WHAT TO WORK ON = Reproduce the listing below exactly. Pictures do not belong in the copy.
(RECORDS SHOWN)
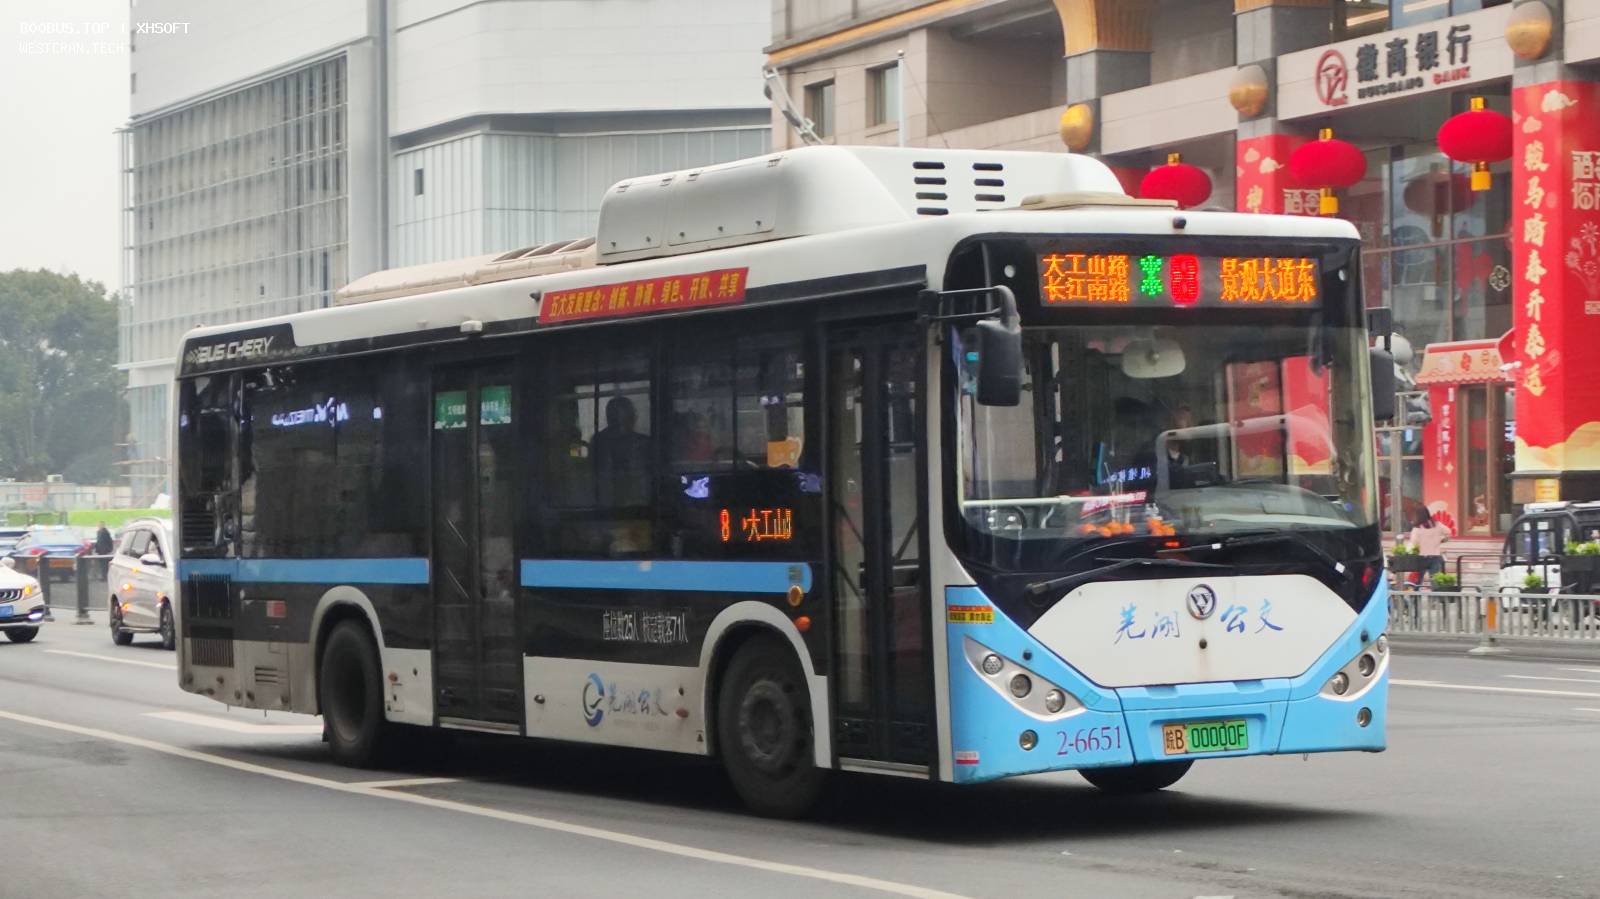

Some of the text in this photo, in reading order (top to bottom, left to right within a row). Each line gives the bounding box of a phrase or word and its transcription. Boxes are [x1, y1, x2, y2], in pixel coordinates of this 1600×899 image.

[1356, 24, 1472, 83] 徽商银行
[1432, 66, 1471, 85] BANK
[1042, 253, 1129, 276] 大工山路
[1170, 254, 1200, 304] 8
[1219, 256, 1317, 302] 景观大道东
[1043, 276, 1130, 302] 长江南路
[198, 336, 274, 363] BUS CHERY
[720, 509, 730, 541] 8
[1113, 598, 1284, 645] 芜湖 公交
[1056, 725, 1121, 756] 2-6651
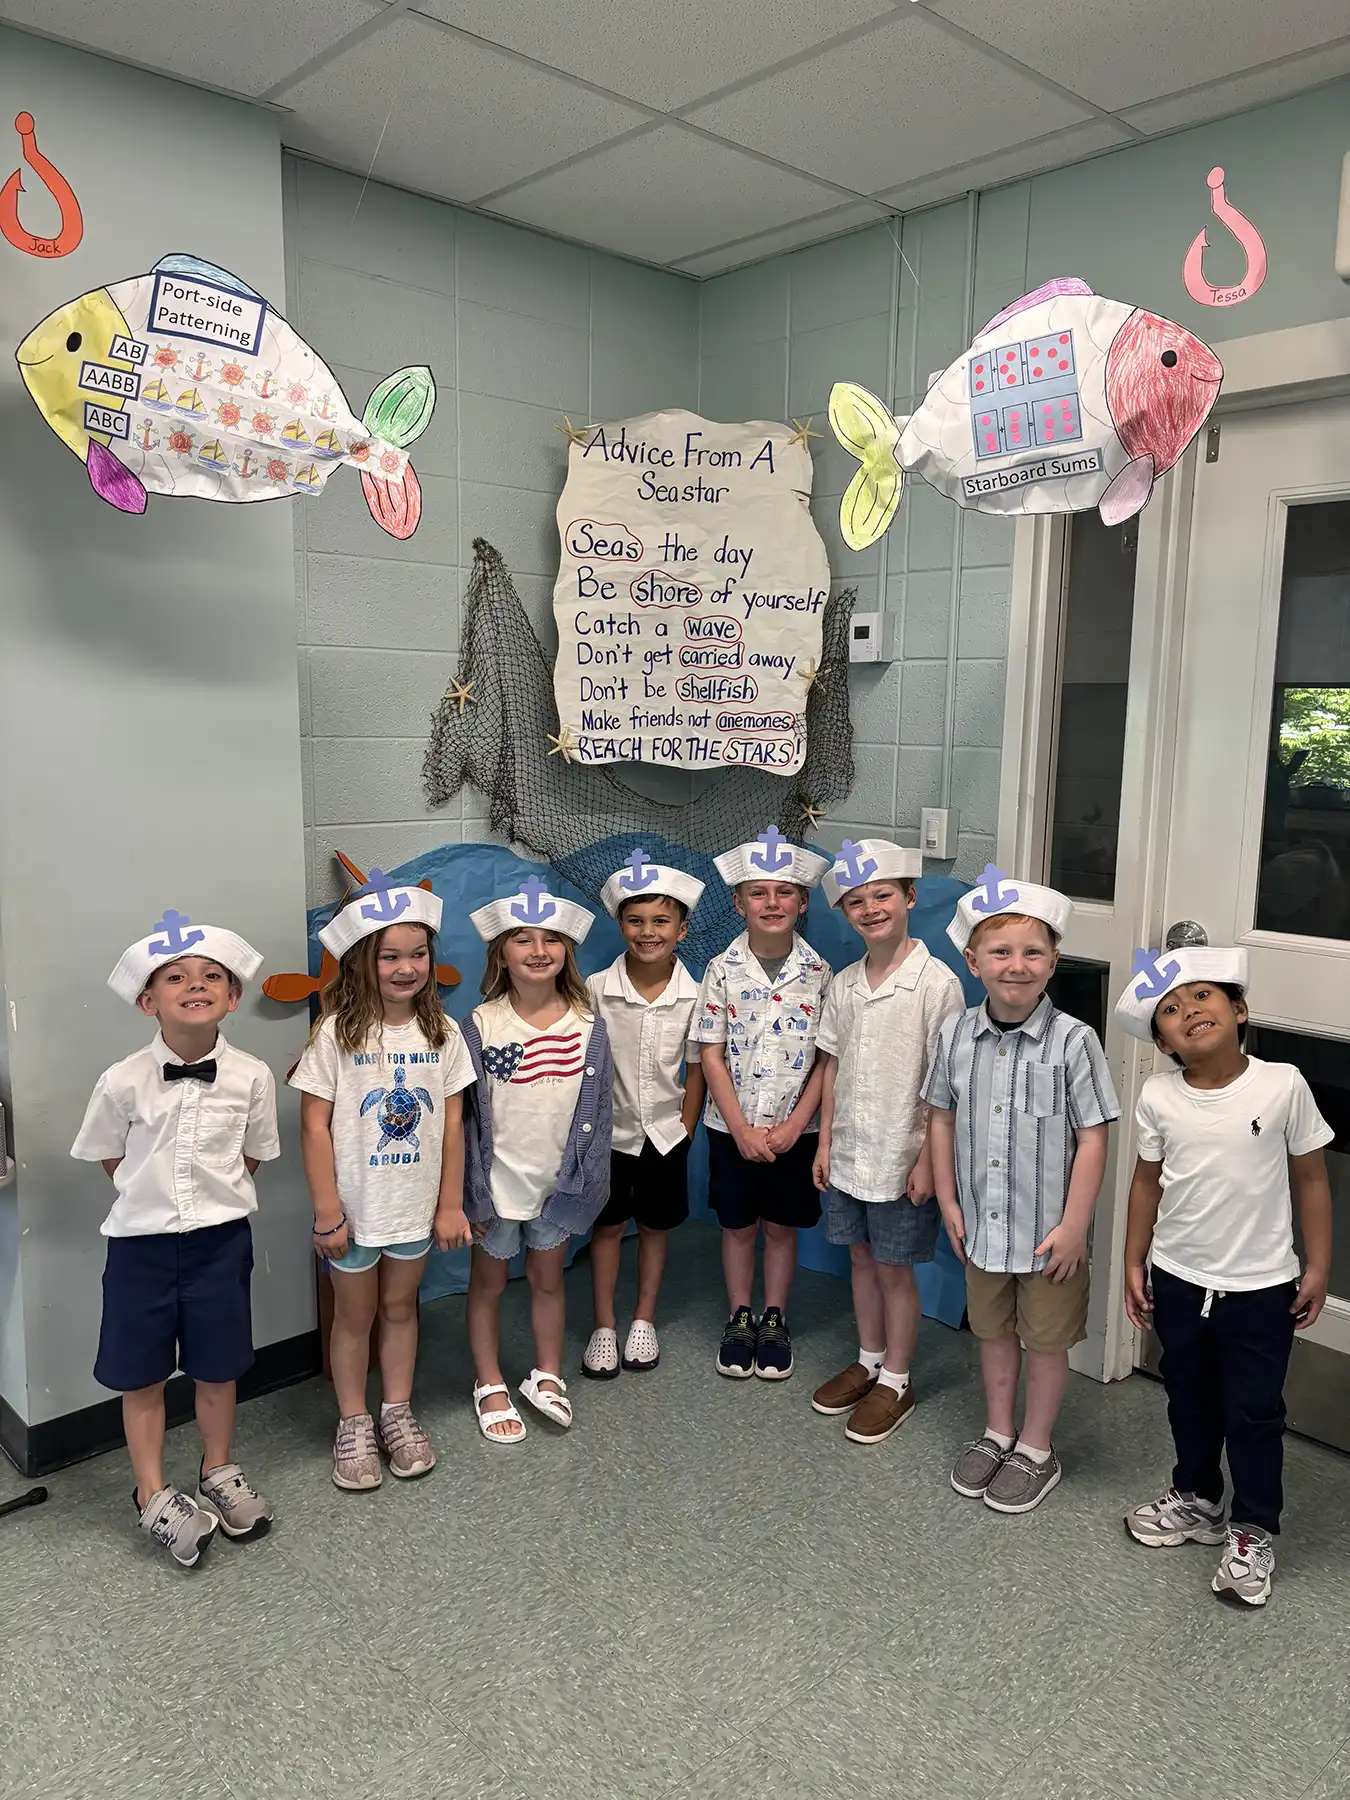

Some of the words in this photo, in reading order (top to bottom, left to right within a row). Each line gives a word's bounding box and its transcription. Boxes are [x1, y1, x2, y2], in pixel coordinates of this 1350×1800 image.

[28, 238, 62, 254] Jack
[162, 282, 243, 317] Port-side
[1210, 287, 1247, 303] Tessa
[157, 307, 251, 347] Patterning
[115, 342, 142, 360] AB
[85, 369, 135, 393] AABB
[89, 413, 125, 432] ABC
[583, 427, 675, 467] Advice
[683, 432, 741, 468] From
[750, 440, 775, 474] A
[637, 471, 729, 503] Seastar
[965, 463, 1047, 495] Starboard
[1050, 455, 1098, 476] Sums
[572, 524, 639, 559] Seas
[658, 533, 698, 562] the
[714, 535, 754, 579] day
[577, 565, 617, 599] Be
[635, 573, 699, 603] shore
[710, 577, 737, 603] of
[743, 587, 827, 620] yourself
[575, 611, 641, 637] Catch
[655, 622, 668, 637] a
[688, 619, 736, 639] wave
[577, 642, 632, 665] Don't
[642, 644, 673, 675] get
[681, 643, 741, 667] carried
[749, 651, 795, 680] away
[580, 676, 628, 702] Don't
[644, 676, 667, 698] be
[681, 680, 754, 701] shellfish
[582, 709, 621, 731] Make
[629, 706, 683, 729] friends
[688, 709, 711, 728] not
[718, 714, 792, 729] anemones
[578, 736, 642, 760] REACH
[652, 737, 682, 760] FOR
[686, 738, 722, 761] THE
[387, 1053, 406, 1064] FOR
[409, 1052, 440, 1064] WAVES
[369, 1152, 420, 1166] ARUBA
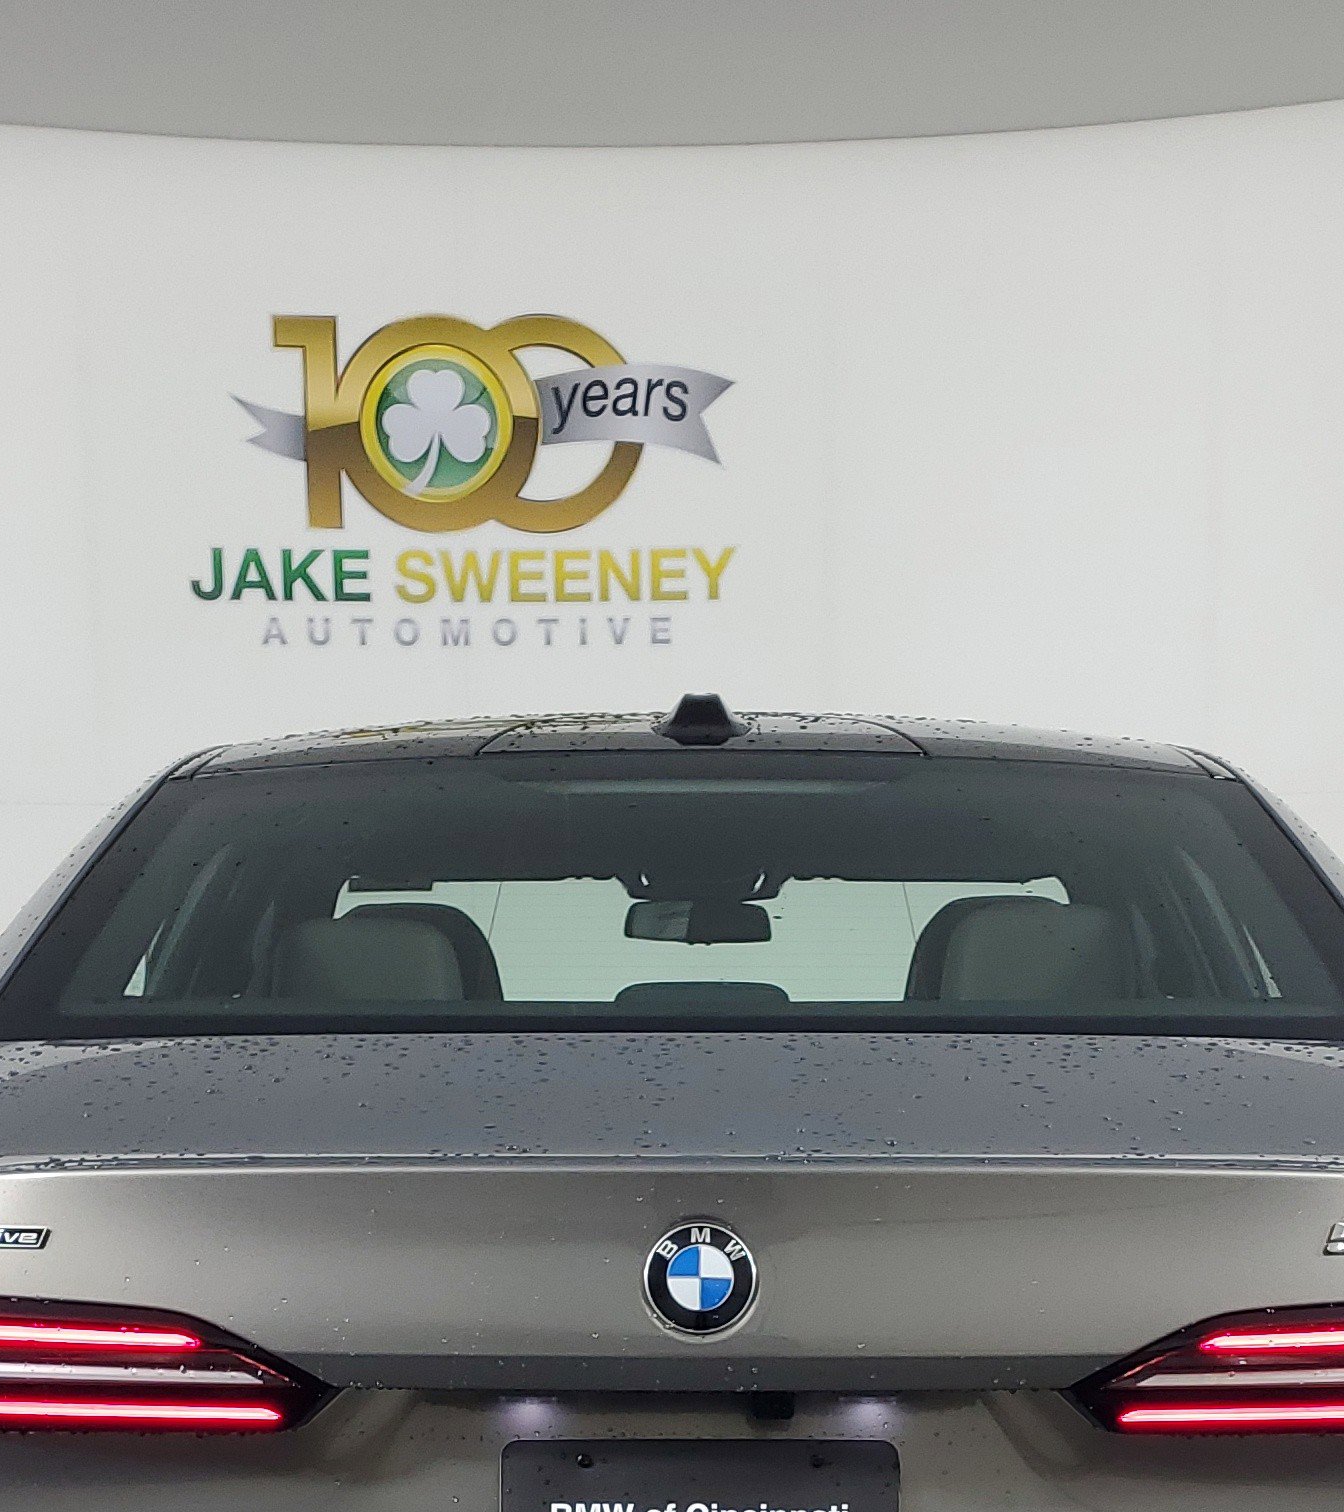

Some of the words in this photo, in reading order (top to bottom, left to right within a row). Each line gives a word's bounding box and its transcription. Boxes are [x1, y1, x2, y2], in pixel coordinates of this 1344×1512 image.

[271, 313, 644, 533] 100
[550, 376, 690, 435] years
[191, 547, 371, 602] JAKE
[395, 546, 737, 603] SWEENEY
[261, 616, 673, 646] AUTOMOTIVE
[656, 1227, 746, 1261] BMW
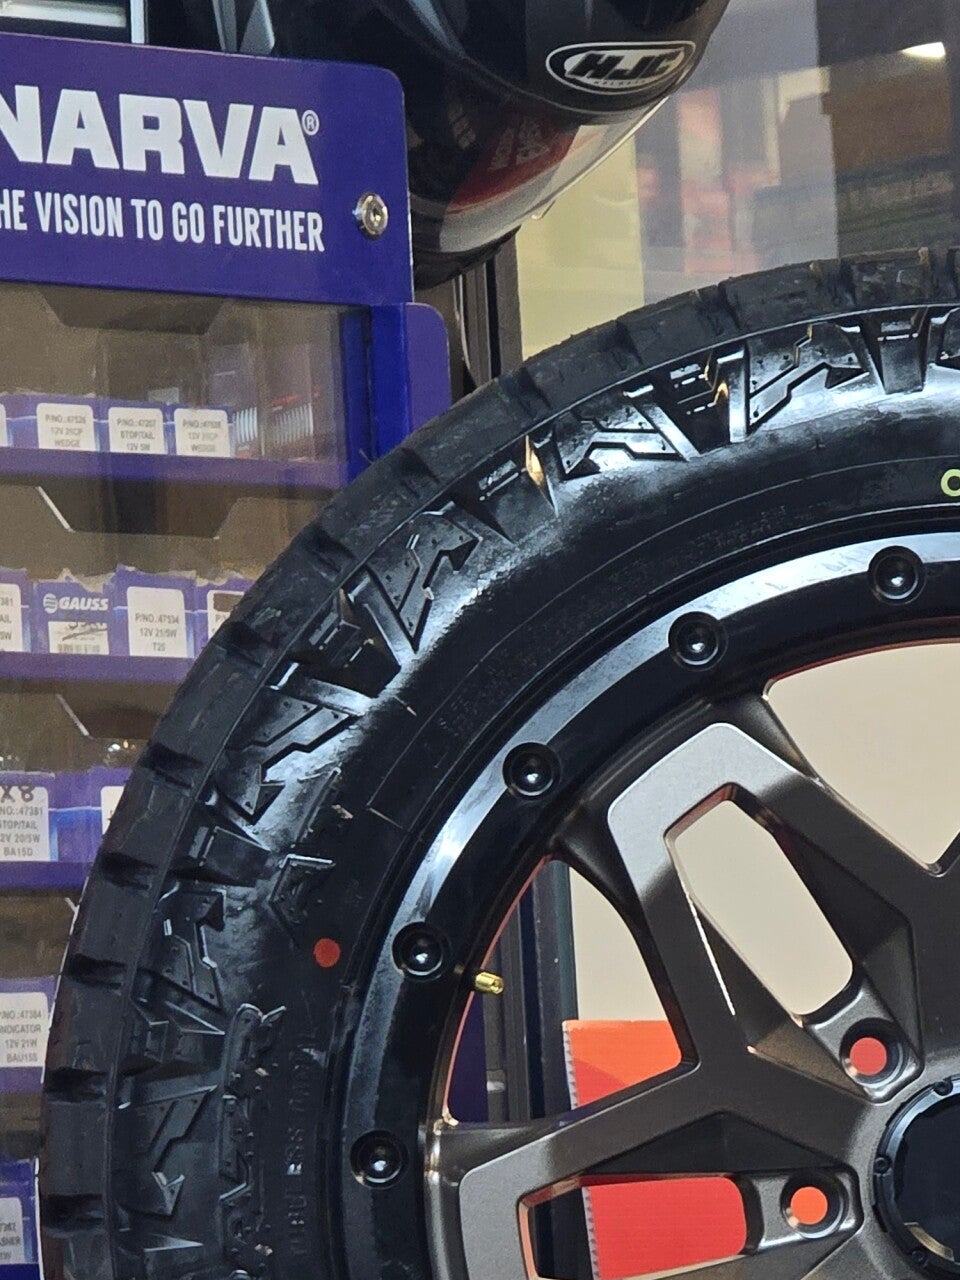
(End RECORDS SHOWN)
EXERCISE SOLUTION =
Some of the text in this photo, in reading order (top to bottom, left to right within a row). Each line gives the bounding box of a phrase or word and its transcription. Boxes are [x1, y1, x2, y2], in pixel coordinates of this 1600×899 image.

[1356, 24, 1472, 83] 徽商银行
[1432, 66, 1471, 85] BANK
[1042, 253, 1129, 276] 大工山路
[1170, 254, 1200, 304] 8
[1219, 256, 1317, 302] 景观大道东
[1043, 276, 1130, 302] 长江南路
[198, 336, 274, 363] BUS CHERY
[720, 509, 730, 541] 8
[1113, 598, 1284, 645] 芜湖 公交
[1056, 725, 1121, 756] 2-6651

Some of the words in this photo, in reading order (top to bottom, left to right within a row). Each line gives a word's bounding box and its transcription. Boxes are [x1, y1, x2, y2], in pixel coordinates of this 1350×1800 image.

[28, 238, 62, 254] Jack
[162, 282, 243, 317] Port-side
[1210, 287, 1247, 303] Tessa
[157, 307, 251, 347] Patterning
[115, 342, 142, 360] AB
[85, 369, 135, 393] AABB
[89, 413, 125, 432] ABC
[583, 427, 675, 467] Advice
[683, 432, 741, 468] From
[750, 440, 775, 474] A
[637, 471, 729, 503] Seastar
[965, 463, 1047, 495] Starboard
[1050, 455, 1098, 476] Sums
[572, 524, 639, 559] Seas
[658, 533, 698, 562] the
[714, 535, 754, 579] day
[577, 565, 617, 599] Be
[635, 573, 699, 603] shore
[710, 577, 737, 603] of
[743, 587, 827, 620] yourself
[575, 611, 641, 637] Catch
[655, 622, 668, 637] a
[688, 619, 736, 639] wave
[577, 642, 632, 665] Don't
[642, 644, 673, 675] get
[681, 643, 741, 667] carried
[749, 651, 795, 680] away
[580, 676, 628, 702] Don't
[644, 676, 667, 698] be
[681, 680, 754, 701] shellfish
[582, 709, 621, 731] Make
[629, 706, 683, 729] friends
[688, 709, 711, 728] not
[718, 714, 792, 729] anemones
[578, 736, 642, 760] REACH
[652, 737, 682, 760] FOR
[686, 738, 722, 761] THE
[387, 1053, 406, 1064] FOR
[409, 1052, 440, 1064] WAVES
[369, 1152, 420, 1166] ARUBA

Some of the words in this photo, in reading order (top to bottom, left to right within a row). Each line gives a word's bounding box and its transcription. Boxes are [x1, y1, x2, y2], in pixel coordinates of this 1344×1512 image.

[271, 313, 644, 533] 100
[550, 376, 690, 435] years
[191, 547, 371, 602] JAKE
[395, 546, 737, 603] SWEENEY
[261, 616, 673, 646] AUTOMOTIVE
[656, 1227, 746, 1261] BMW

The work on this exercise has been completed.